Bagian 3

57.8K 4.3K 62
                                    

Tadi setelah mengabaikan rasa malu akibat godaan Bapak dengan senyum tipis, aku berkenalan dengan tiga orang asing yang duduk bersama Bapak dan Ibu diruang tamu.

Wanita yang sepertinya lebih tua dibandingkan Ibu bernama Annisa. Wanita berjilbab yang sempat membuatku membayangkan ibu yang mungkin akan semakin cantik diusia sekarang jika mengenakan outfit yang sama seperti Tante Nisa.

Hanya saja baik Ibu bahkan aku sendiri pun, belum siap sepenuhnya untuk mengenakan itu. Walaupun sudah berusaha menjadi muslimah yang baik.

Selain hal itu, permintaannya pun sedikit mengusikku. Aku diminta memanggilnya Mama. Tidak lupa harus panggilan Papa kepada Om Raka. Sebenarnya, sedikit menggelikan jika aku harus melakukannya.

Seperti aku calon menantu mereka saja.

Namun hal aneh adalah ketika aku bertatapan dan berjabat tangan dengan laki-laki itu. Dia mengenalkan dirinya sebagai Raksa. Samudera Raksa Baskoro nama lengkapnya.

Aku tak tau kenapa ketika bertatap mata dengannya, aku merasakan getaran asing.
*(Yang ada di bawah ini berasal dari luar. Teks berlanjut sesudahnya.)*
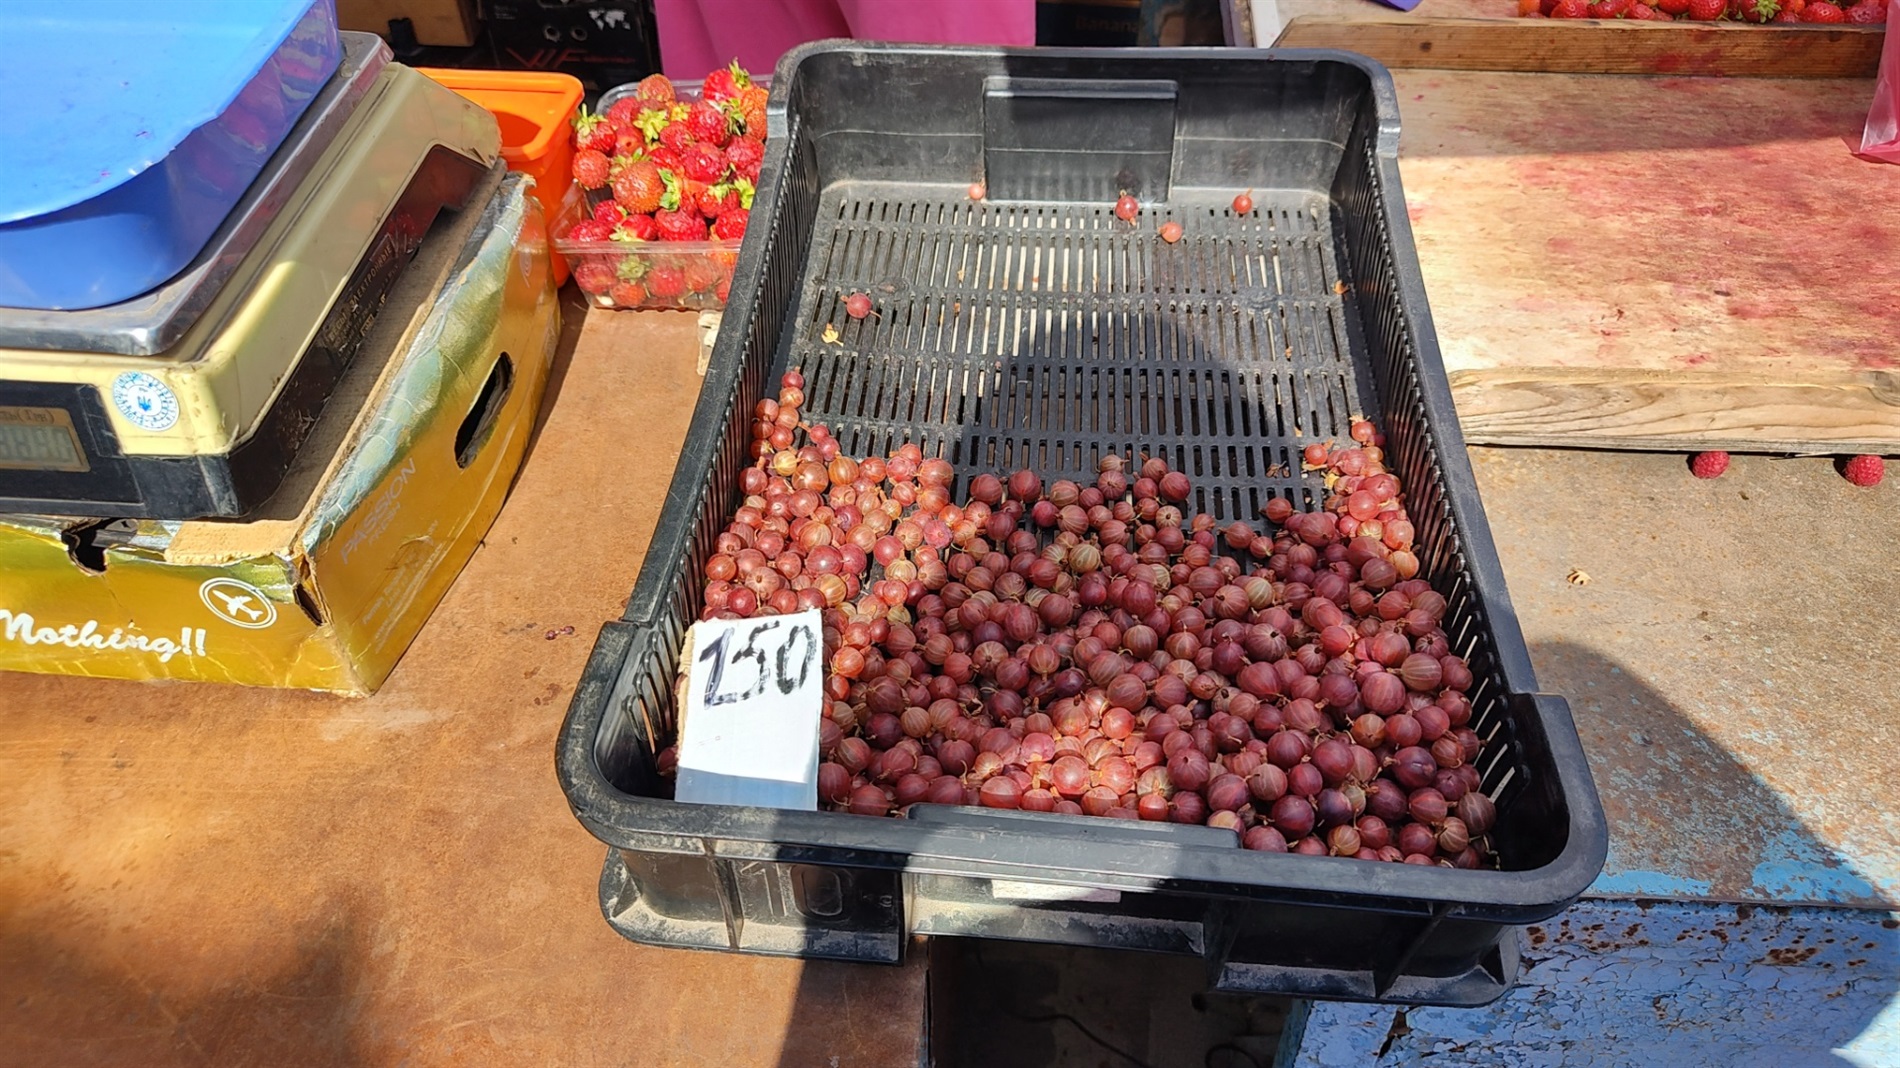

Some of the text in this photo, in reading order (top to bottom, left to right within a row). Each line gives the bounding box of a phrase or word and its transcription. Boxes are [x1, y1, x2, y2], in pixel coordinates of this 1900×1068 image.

[340, 457, 417, 565] PASSION
[0, 609, 207, 663] Nothing!!
[698, 620, 818, 710] 150
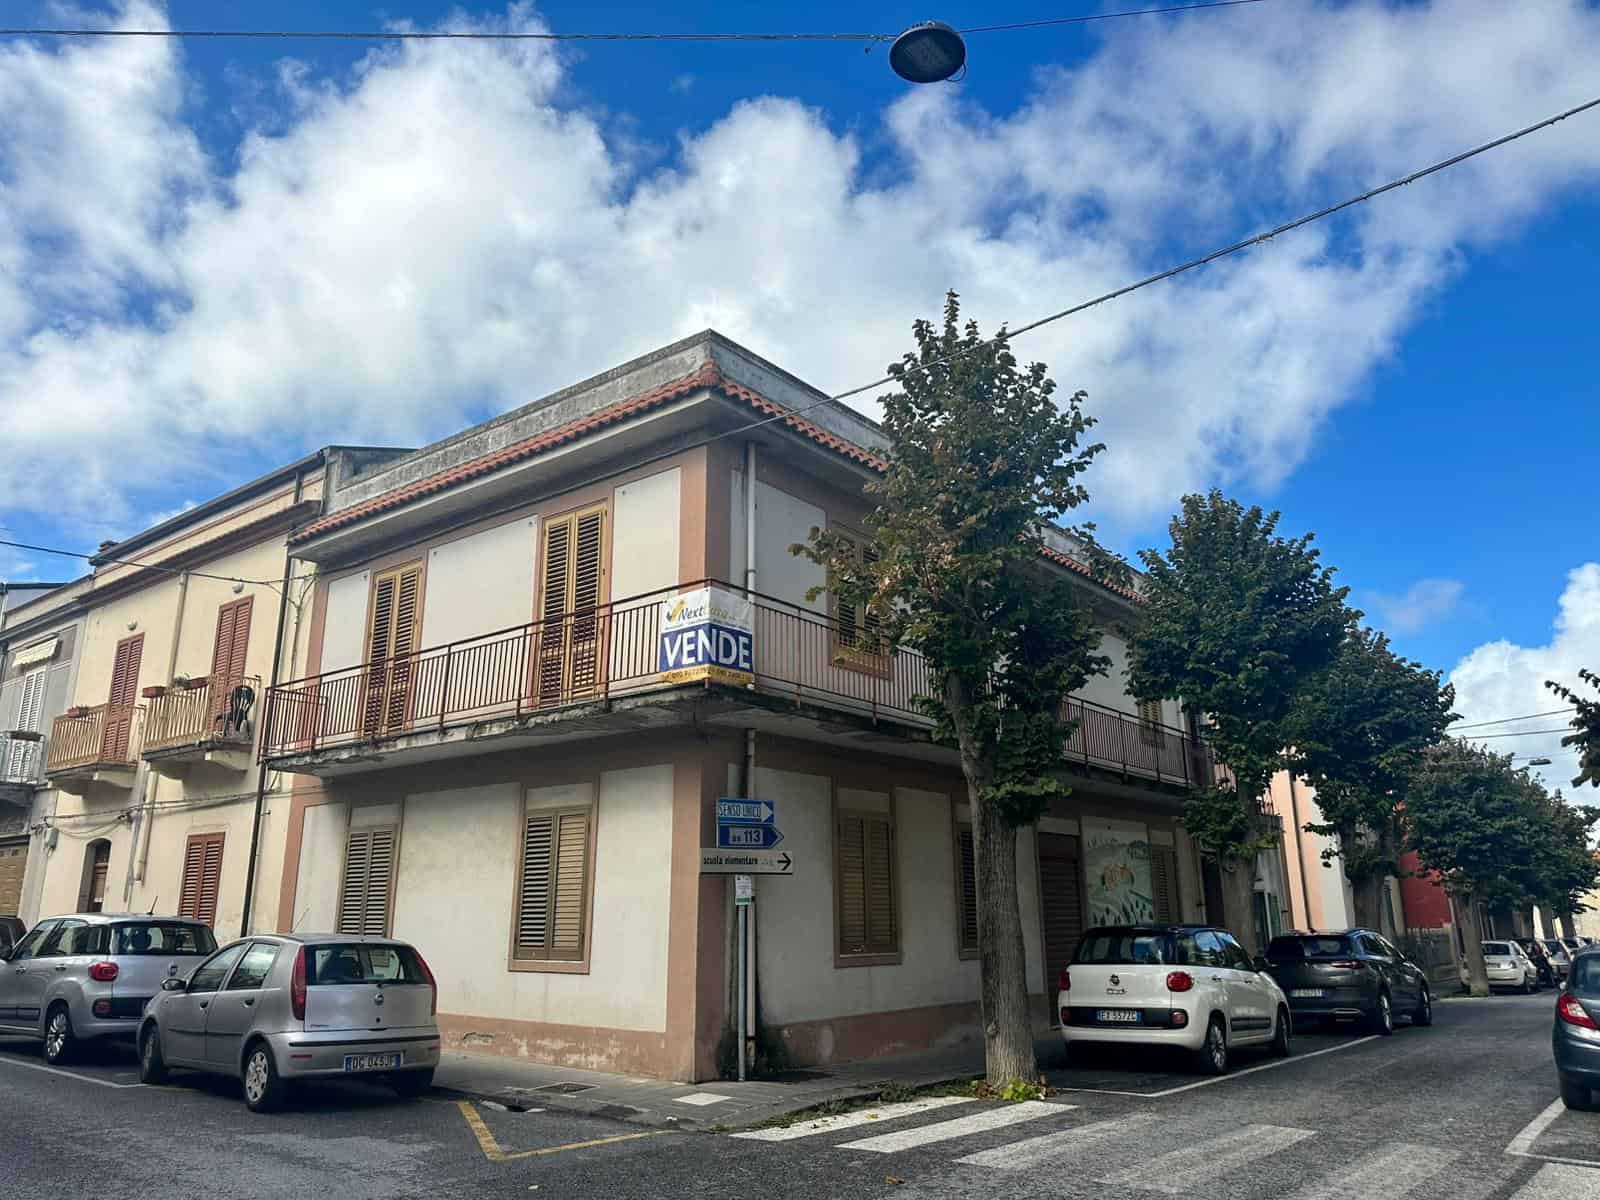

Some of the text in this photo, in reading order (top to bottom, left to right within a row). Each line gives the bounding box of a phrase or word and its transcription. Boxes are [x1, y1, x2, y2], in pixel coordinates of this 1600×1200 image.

Tatapan matanya itu mampu membuatku tidak bisa mengalihkan perhatian. Juga senyum diwajahnya membuatku merasa aneh.

Bahkan seakan aku mengenal dirinya. Mencoba mengingat pun, aku hanya menelan kecewa karena tidak memperoleh apapun. Padahal aku sama sekali tidak mengalami lupa ingatan akibat kecelakaan atau lainnya.

Mungkin saja aku pernah melihatnya disuatu tempat. Walaupun aku tak ingat kapan dan dimana pastinya.

"Vivi, kenapa lama?"

Aku menoleh kearah Ibu yang membuka pintu kamarku. Senyum terlihat dibibirnya ketika melihat penampilanku yang kali ini berbeda dari penampilan sehari-hariku. Jauh terlihat lebih baik.
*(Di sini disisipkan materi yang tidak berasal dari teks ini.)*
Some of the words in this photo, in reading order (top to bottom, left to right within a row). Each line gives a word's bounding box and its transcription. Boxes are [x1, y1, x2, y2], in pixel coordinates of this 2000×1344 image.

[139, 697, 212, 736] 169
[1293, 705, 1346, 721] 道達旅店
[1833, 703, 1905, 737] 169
Setelah membersihkan badan karena sesampai dirumah rasanya aku sudah kucel dan juga sedikit berkeringat karena kegerahan, aku mengenakan dress ini. Ibu tadi yang memberikannya untuk ku kenakan setelah mandi.

"Harus pakai dress ini ya, Bu? Padahal cuma makan siang aja, dirumah pula."
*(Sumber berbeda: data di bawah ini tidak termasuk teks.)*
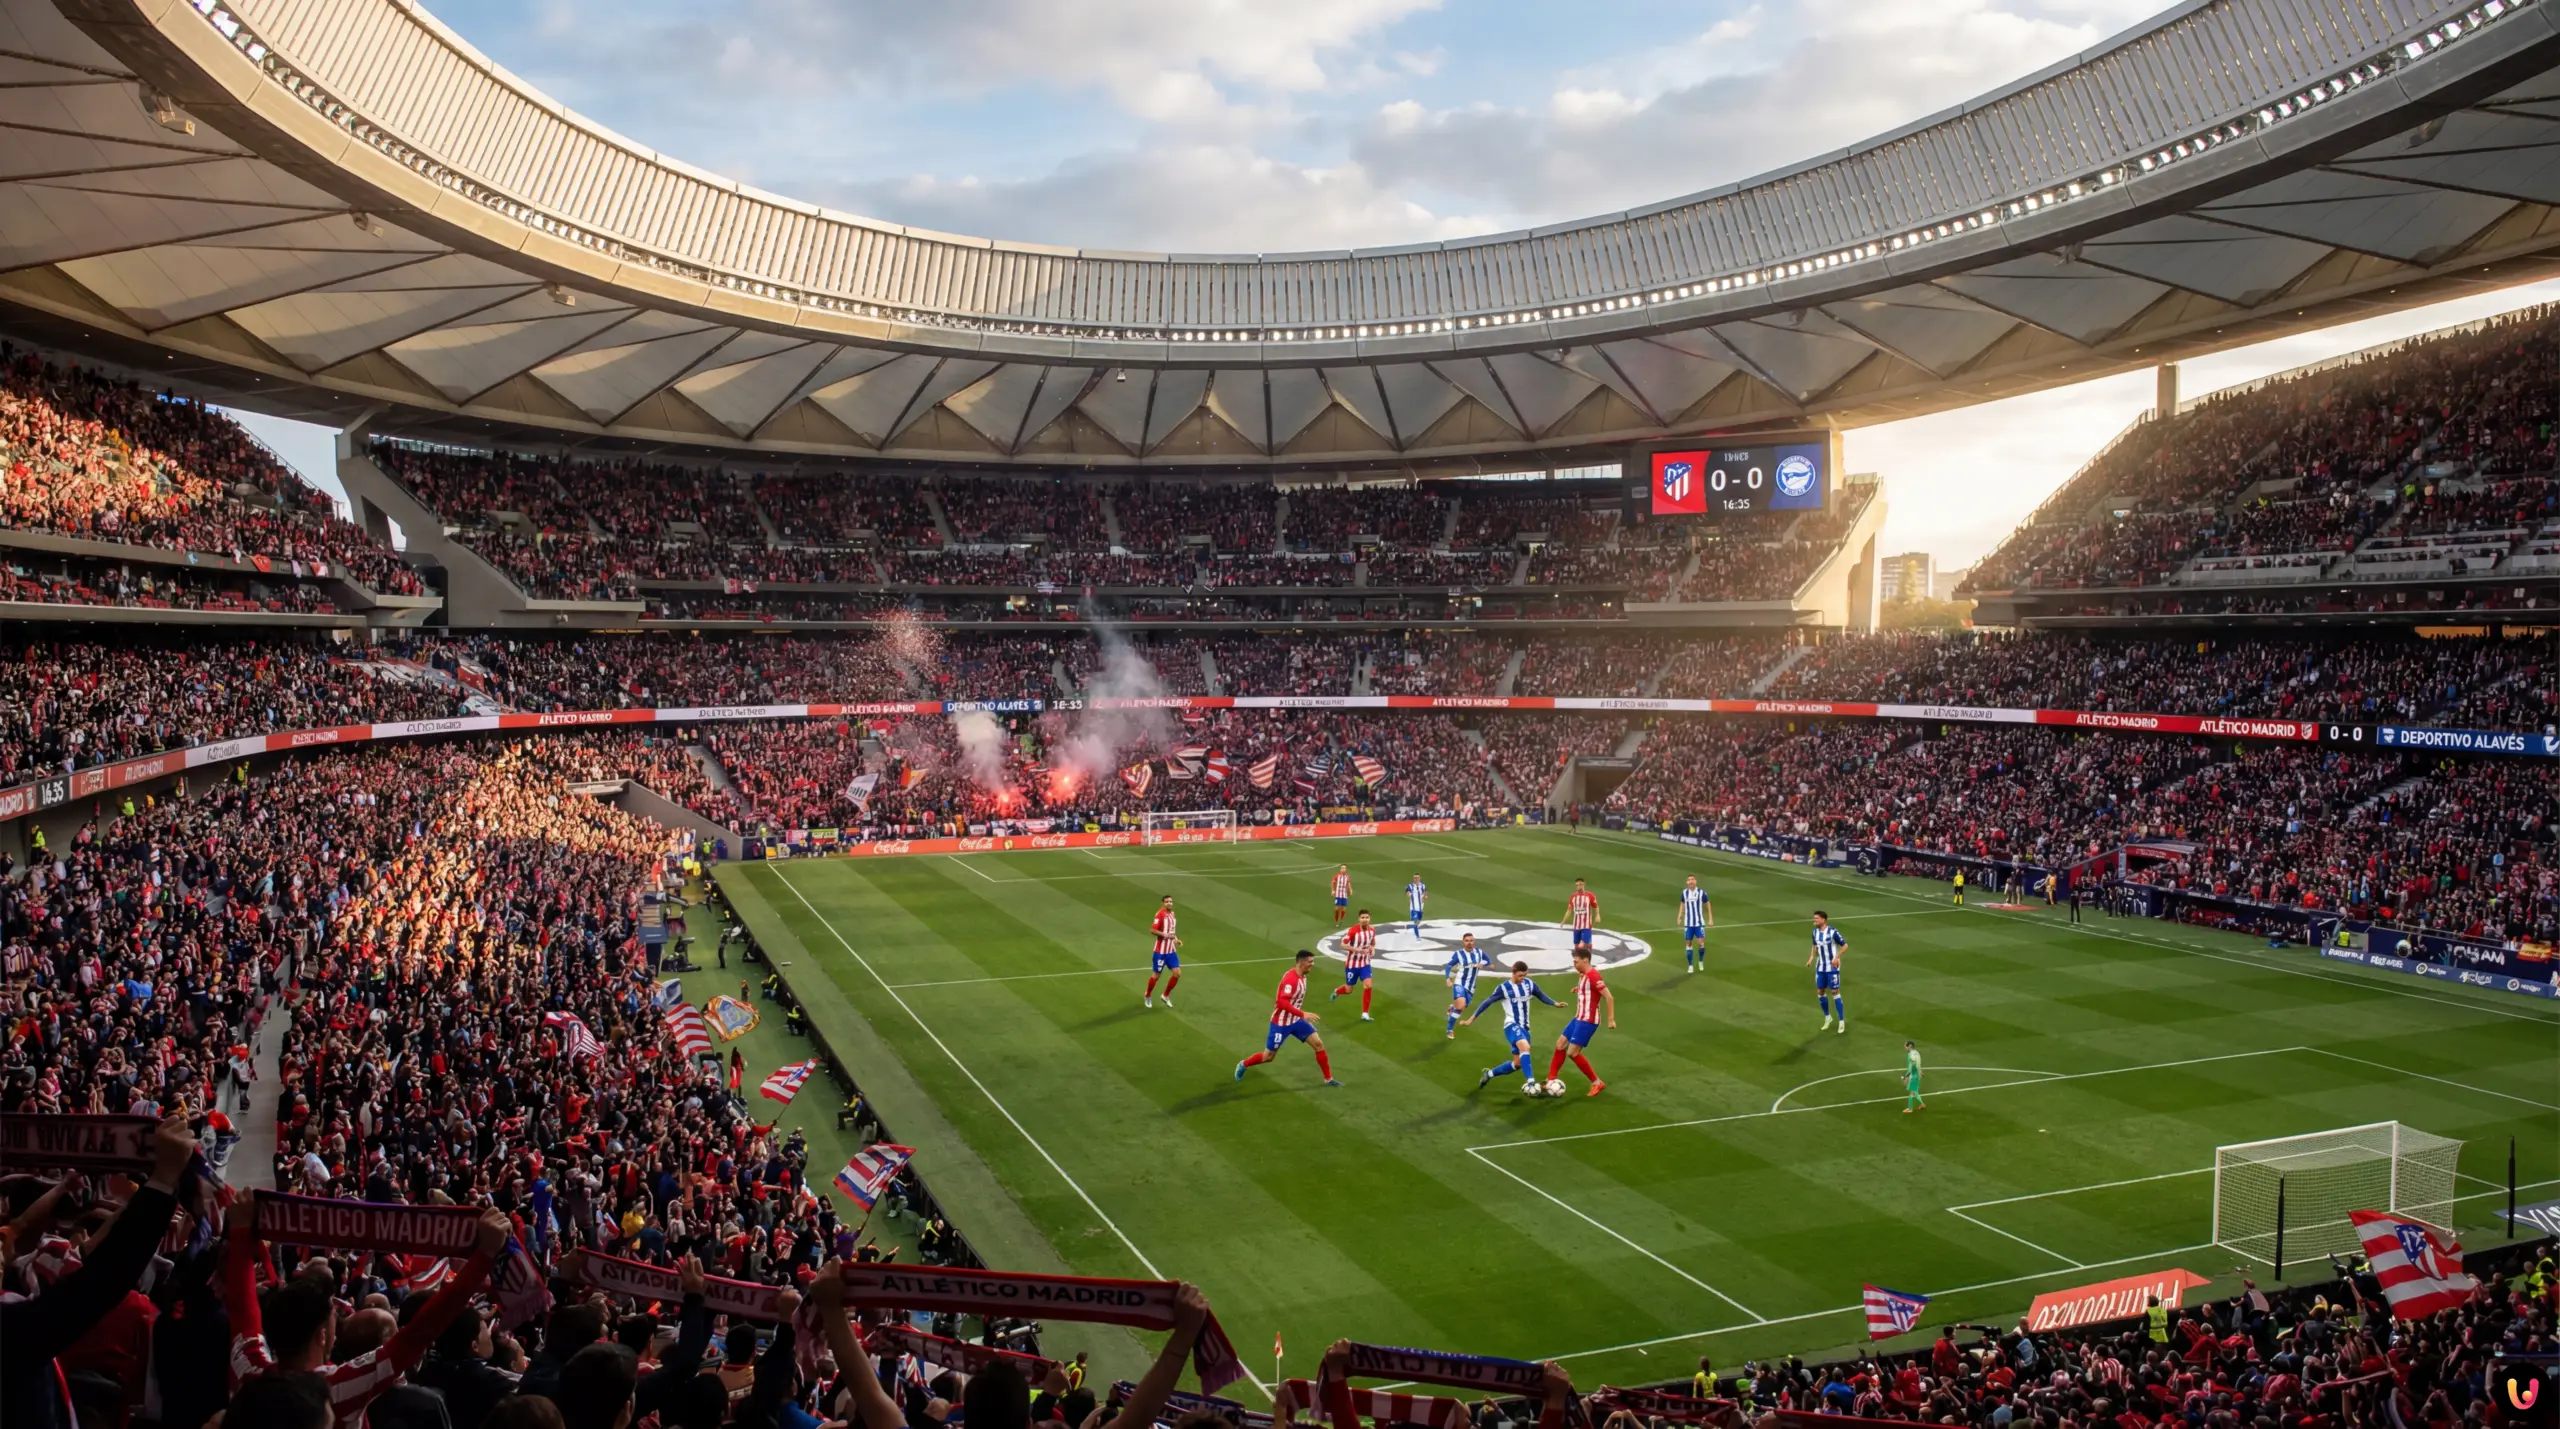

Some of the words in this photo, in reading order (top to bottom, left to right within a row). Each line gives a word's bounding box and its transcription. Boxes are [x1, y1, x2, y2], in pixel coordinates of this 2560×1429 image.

[1711, 470, 1726, 491] 0
[1747, 467, 1763, 489] 0
[2251, 723, 2296, 737] MADRID
[2330, 726, 2339, 740] 0
[2352, 727, 2362, 741] 0
[2401, 730, 2471, 748] DEPORTIVO
[2474, 732, 2525, 751] ALAVÉS
[375, 1210, 478, 1248] MADRID
[881, 1275, 1019, 1299] ATLÉTICO
[1028, 1284, 1146, 1307] MADRID
Aku sangat yakin bahwa dress yang aku kenakan saat ini baru dibeli. Sebab seingatku, aku tidak menyimpan dress ini didalam lemari. Juga ingat bahwa sebelumnya Ibu tidak pernah memberikannya padaku, selain beberapa menit yang lalu.

Ibu berjalan mendekat. Tangannya merapikan rambutku yang tergerai. "Iya harus! Ayo keluar," ajak Ibu yang segera aku turuti.

Lagi-lagi yang aku terima dari laki-laki itu adalah tatapannya, beberapa detik setelah aku kembali bergabung di ruang tamu. Sebelum kemudian dia mengalihkan tatapannya itu dengan senyum yang menghiasi bibirnya. Jantungku, seketika berdetak cepat.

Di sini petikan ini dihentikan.